She had moved around to my back, circled me with one arm, pulled me to her, hollowed herself against me. I was ashamed at having my back to her, of showing her those sullen hanks of hair I could do nothing to make fine. The blood rose into my cheeks, into my throat, as I tore at her pinafore and crushed the hairs beneath. Her hand was making it difficult for me to breathe. I was sobbing without a sound, without tears. Isabelle was sobbing, too, as she pressed her hand against my pinafore: my clothes were crushed against me. A cry from the yard outside pierced me where her hand was, and my heart began to beat down there instead of the cry. One of the girls was doing her piano practice: the pearly notes made me think of the necklace of cool droplets from a park fountain. My breathing became regular again.
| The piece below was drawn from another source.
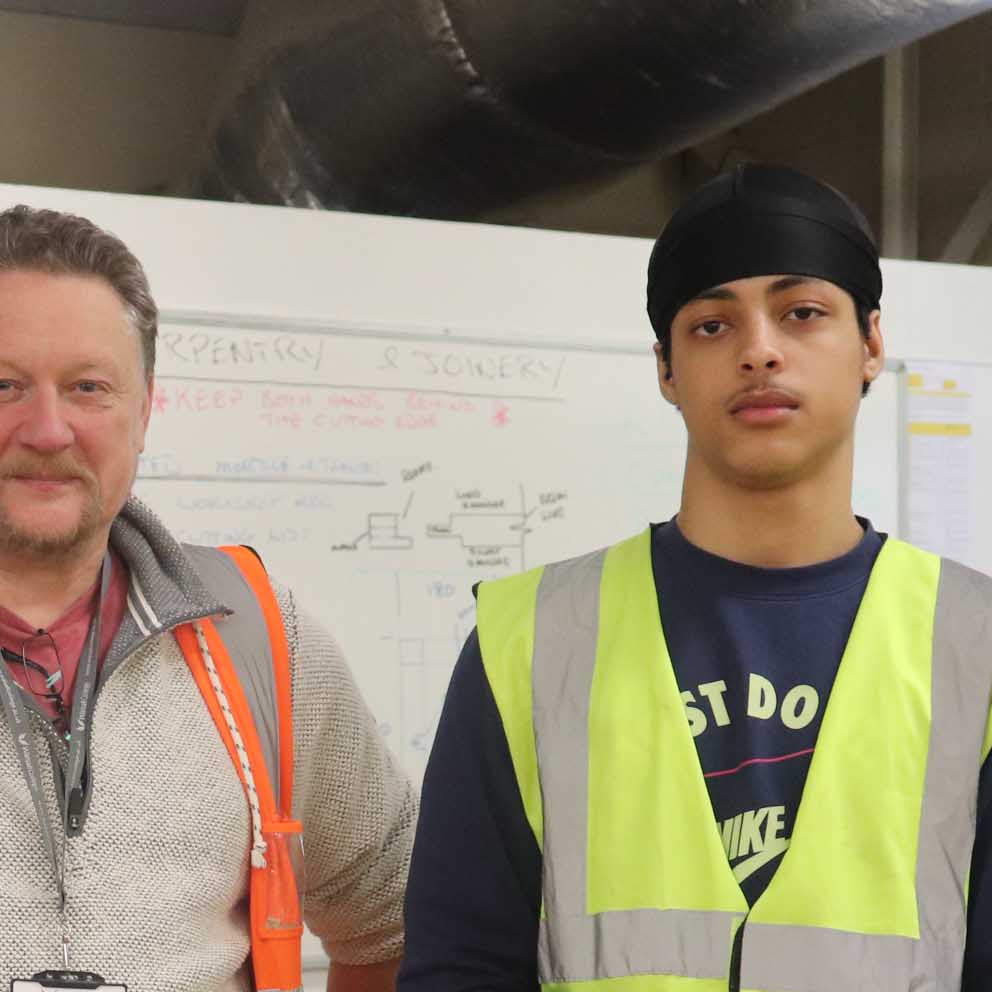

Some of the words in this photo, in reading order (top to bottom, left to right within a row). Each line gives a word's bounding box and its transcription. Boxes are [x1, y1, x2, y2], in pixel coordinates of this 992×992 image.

“What’s the time?” I said.

“Recreation’s been extended. There won’t be a study period.”

“I know. What’s the time?”

I pulled myself free. She gave a contemptuous pout.

“The school can burn down for all I care.”

“Or me. Let it.”

“I don’t care a damn about being expelled, but I do care about being separated from you. Don’t you understand that?”

“We shall be separated anyway,” I said.

Isabelle threw herself upon me. She twisted my wrists.

“Separated, us? You’re mad. Anyway, not before summer vacation.”

“You’ll see. My mother, Isabelle, my mother… .” I was choking.

“What about your mother?”

“I must always stay close to her…”

“They’re not going to separate us,” Isabelle said.

Our lips had achieved a reconciliation, our kiss of dalliance held firm.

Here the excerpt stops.